Counter-weight / judgement: FTAs are justified as a pragmatic, second-best strategy given a paralysed WTO, but Australia should keep supporting WTO reform (Appellate Body restoration, new plurilateral deals) because only multilateral liberalisation avoids trade diversion and delivers gains to the true lowest-cost global producer.

Model paragraph (Argument 2). The clearest limitation of an FTA-first strategy is trade diversion. Because an FTA removes tariffs only between its members, Australian importers can be induced to switch from an efficient non-member supplier to a less efficient member supplier purely to avoid the tariff, which is allocatively inefficient compared with buying from the true lowest-cost producer under genuine multilateral free trade. With Australia now a party to 17 overlapping FTAs, each with its own rules-of-origin requirements, exporters also face rising compliance costs navigating the resulting "spaghetti bowl", partially offsetting the tariff savings the agreements were meant to deliver.

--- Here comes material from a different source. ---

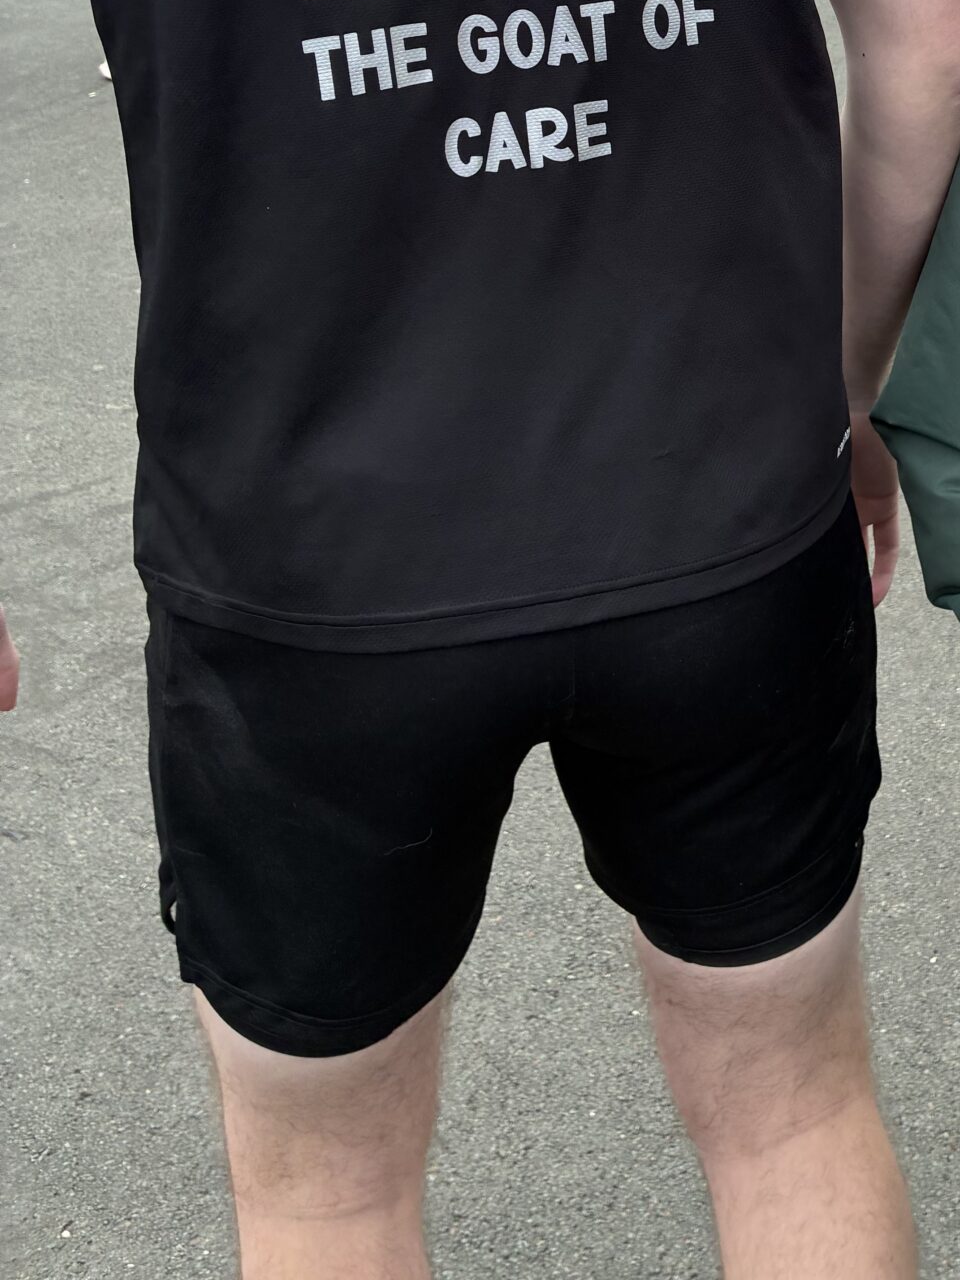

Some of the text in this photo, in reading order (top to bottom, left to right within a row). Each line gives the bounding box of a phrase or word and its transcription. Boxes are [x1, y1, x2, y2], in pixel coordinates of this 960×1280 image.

Marker's note: markers reward a genuine two-sided ASSESSMENT (trade creation vs trade diversion; speed vs fragmentation) rather than a list of FTA names; correct use of the trade creation/trade diversion distinction; a current, dated example of WTO dysfunction (Appellate Body paralysis since 2019); and an explicit, reasoned judgement in the conclusion rather than "it depends" with no verdict. marks: 8.